Given records:

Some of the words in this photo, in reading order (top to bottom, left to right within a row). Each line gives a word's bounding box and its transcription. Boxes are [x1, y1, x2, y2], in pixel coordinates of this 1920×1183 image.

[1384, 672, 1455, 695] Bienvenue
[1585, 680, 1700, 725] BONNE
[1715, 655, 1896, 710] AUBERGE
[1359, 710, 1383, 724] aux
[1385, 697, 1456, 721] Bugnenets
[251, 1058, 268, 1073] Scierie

* * *

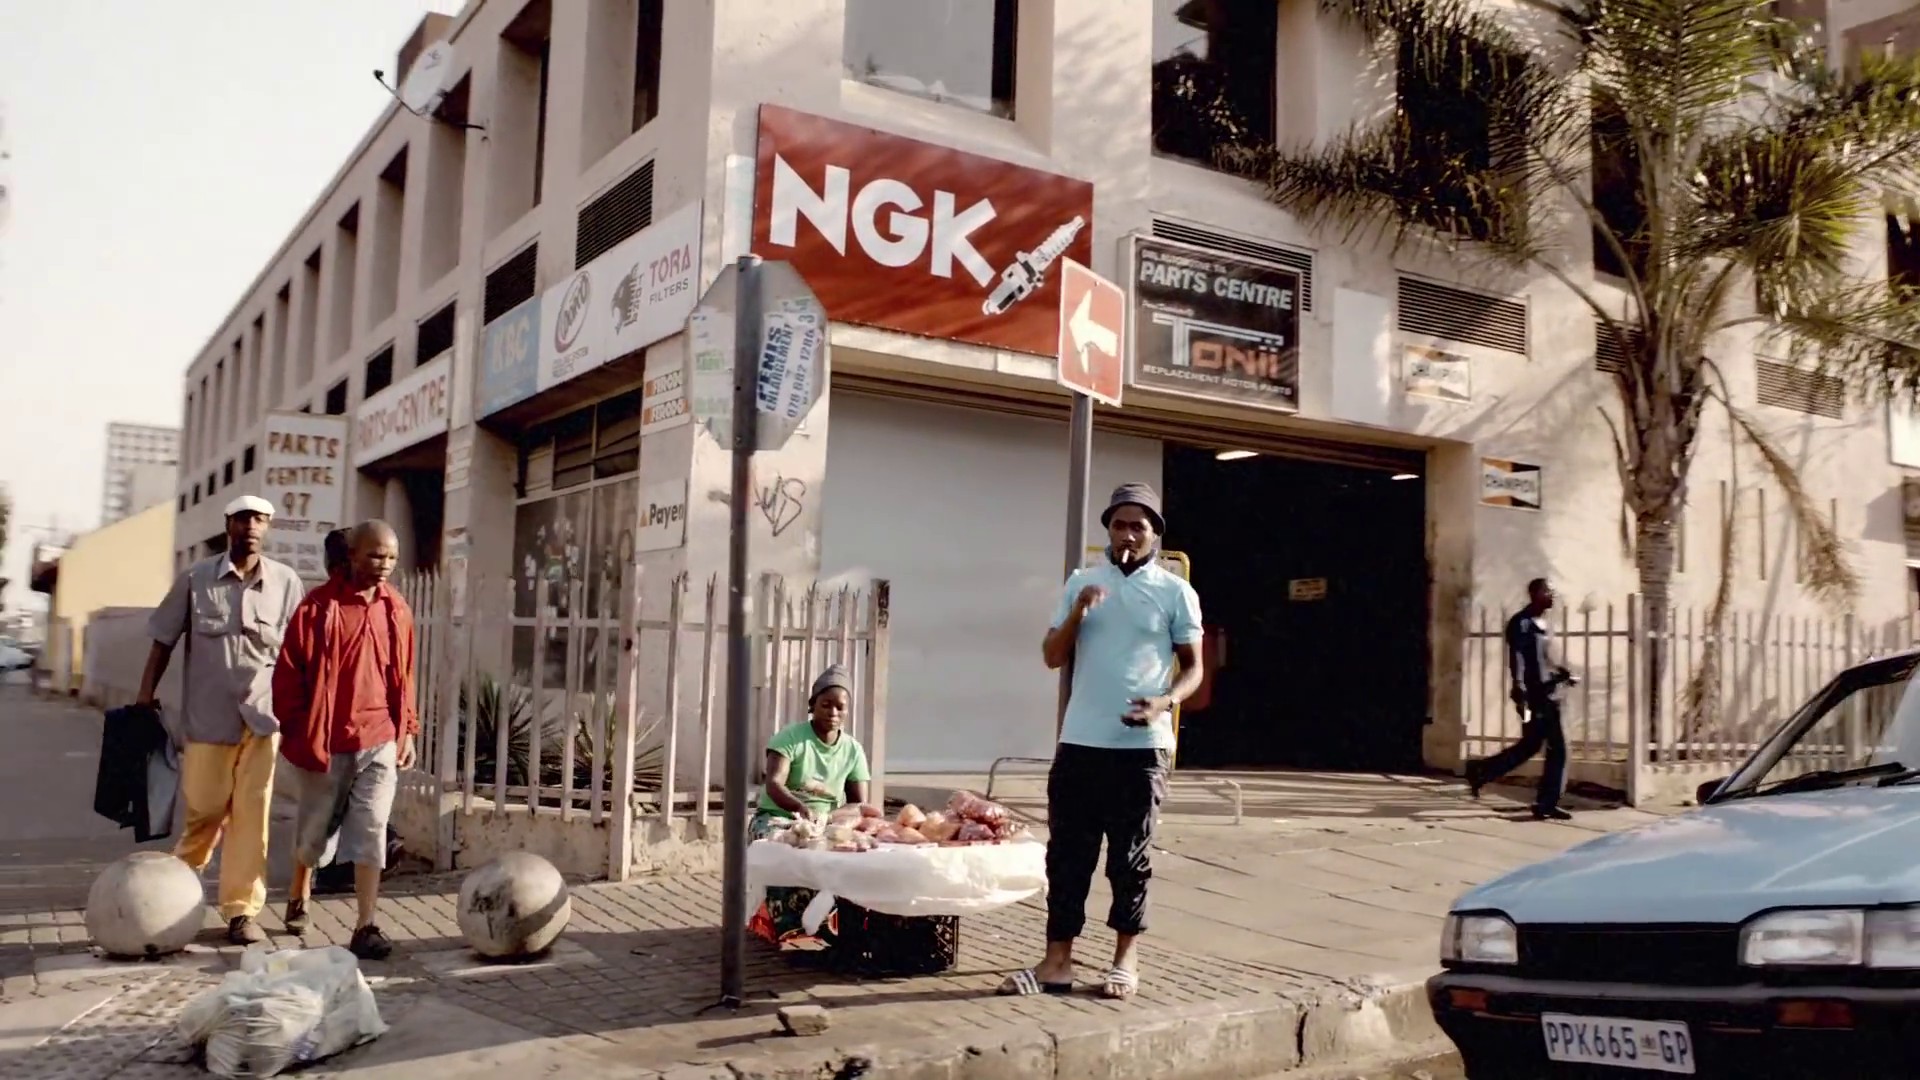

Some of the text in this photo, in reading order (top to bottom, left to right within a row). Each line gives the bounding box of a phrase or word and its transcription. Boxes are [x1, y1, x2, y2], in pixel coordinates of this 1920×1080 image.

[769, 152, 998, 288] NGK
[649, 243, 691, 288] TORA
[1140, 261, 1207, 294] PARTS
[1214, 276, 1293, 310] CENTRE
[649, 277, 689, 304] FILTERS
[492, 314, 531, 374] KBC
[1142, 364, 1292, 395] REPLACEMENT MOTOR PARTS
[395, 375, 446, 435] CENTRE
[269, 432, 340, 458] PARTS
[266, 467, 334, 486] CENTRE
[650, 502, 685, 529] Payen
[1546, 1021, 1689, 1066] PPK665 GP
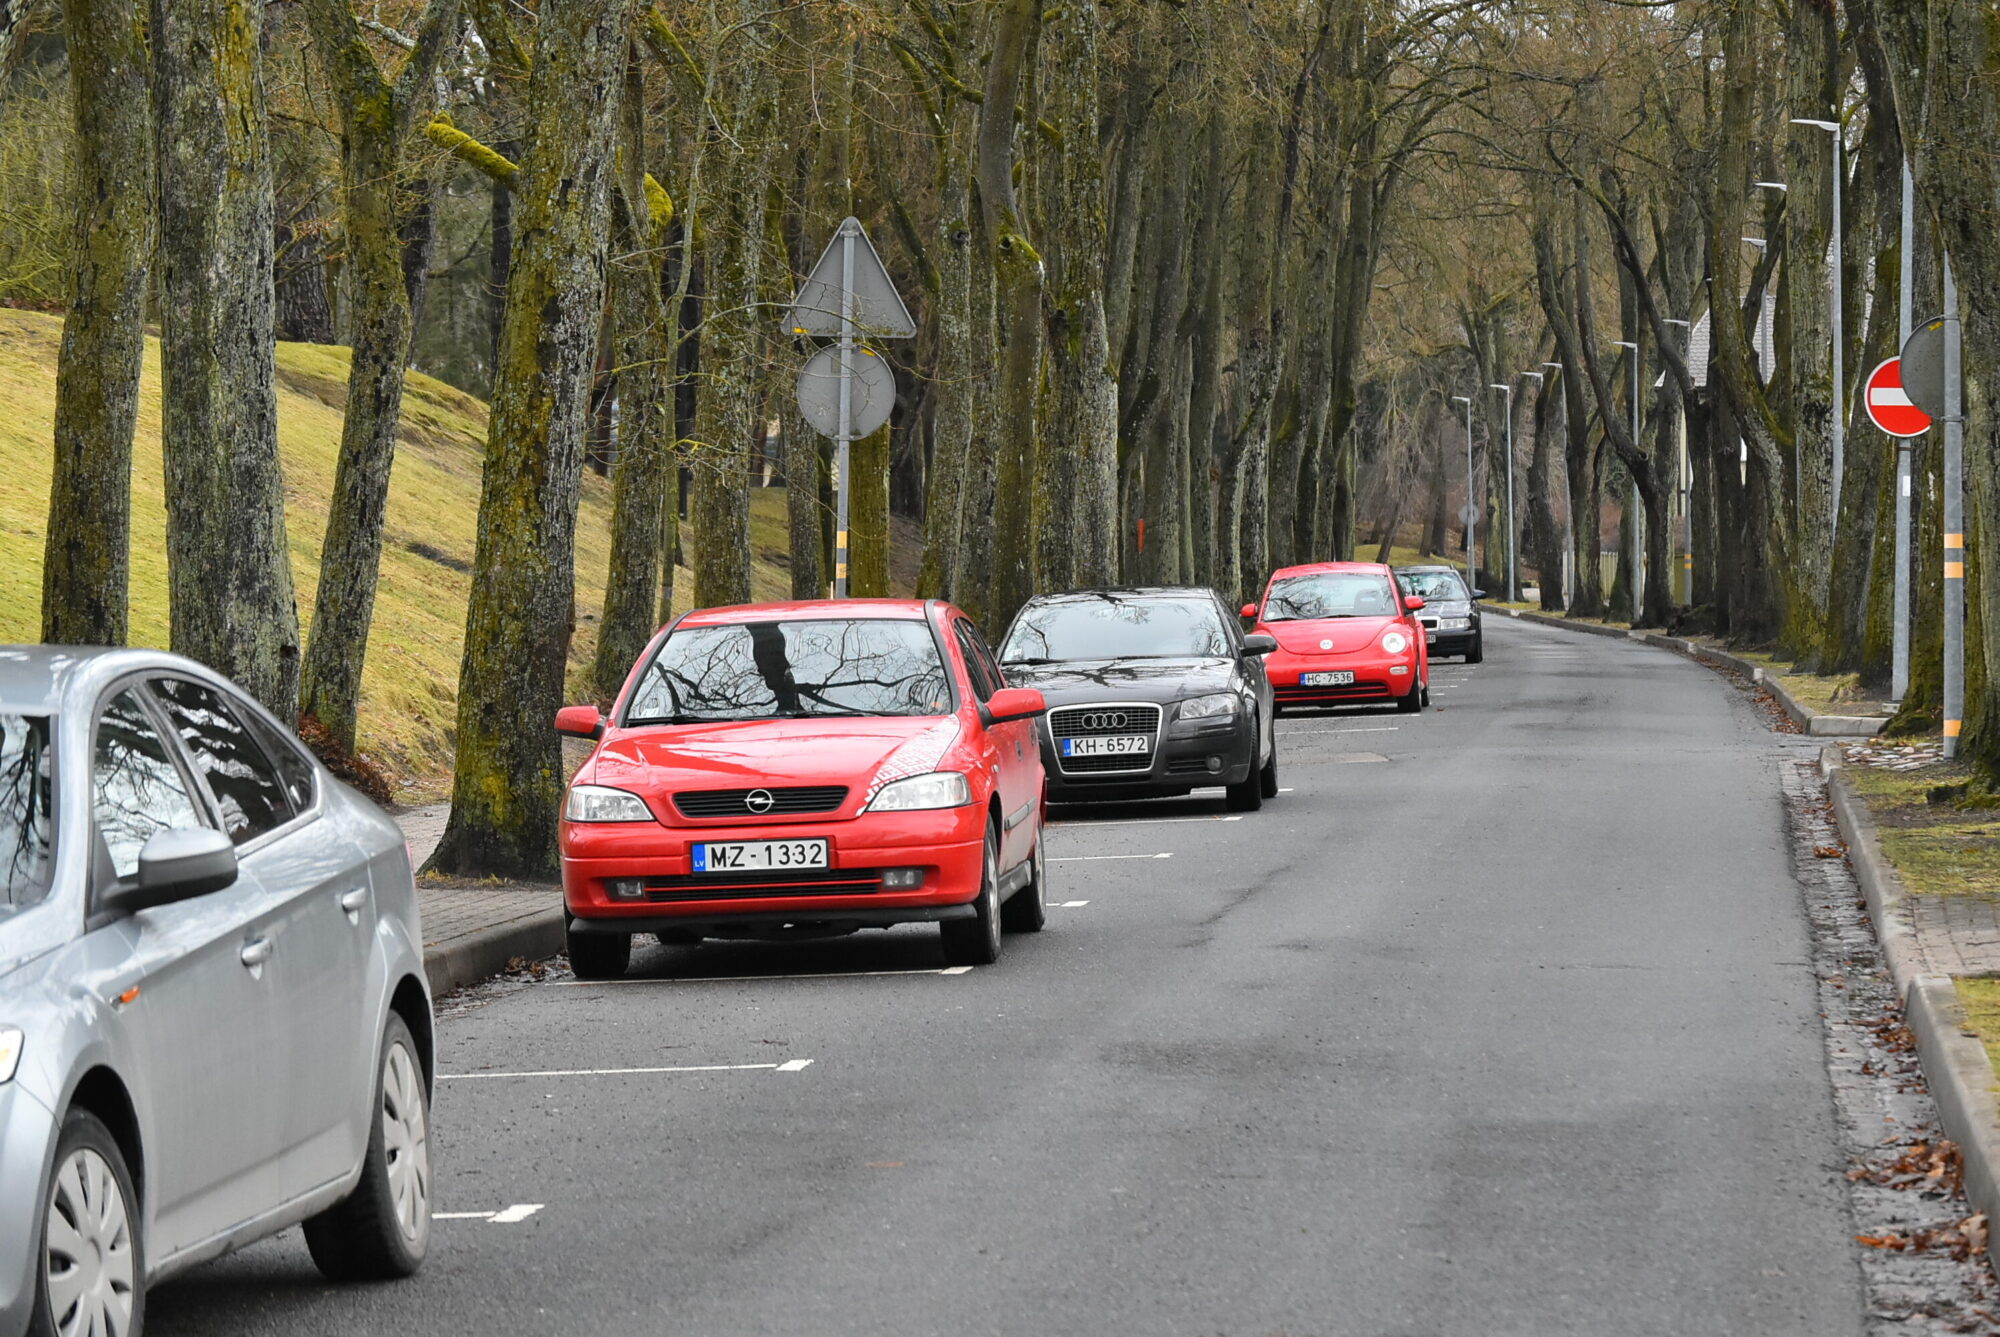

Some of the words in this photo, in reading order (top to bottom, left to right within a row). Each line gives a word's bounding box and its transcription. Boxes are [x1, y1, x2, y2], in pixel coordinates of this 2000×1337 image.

Task item:
Copy only this from above: the line containing "Some of the text", the line containing "this 2000×1337 image.", and all lines between, printed exactly. Leave out the pictures.

Answer to this task:
Some of the text in this photo, in reading order (top to bottom, left to right within a row). Each line gives the bounding box of a phrase or word and its transcription. Boxes are [x1, y1, x2, y2], in pixel coordinates of this 1920×1080 image.

[769, 152, 998, 288] NGK
[649, 243, 691, 288] TORA
[1140, 261, 1207, 294] PARTS
[1214, 276, 1293, 310] CENTRE
[649, 277, 689, 304] FILTERS
[492, 314, 531, 374] KBC
[1142, 364, 1292, 395] REPLACEMENT MOTOR PARTS
[395, 375, 446, 435] CENTRE
[269, 432, 340, 458] PARTS
[266, 467, 334, 486] CENTRE
[650, 502, 685, 529] Payen
[1546, 1021, 1689, 1066] PPK665 GP

Some of the words in this photo, in reading order (top to bottom, left to right within a row). Each line gives a word's bounding box and its transcription. Boxes are [x1, y1, x2, y2], in pixel coordinates of this 2000×1337 image.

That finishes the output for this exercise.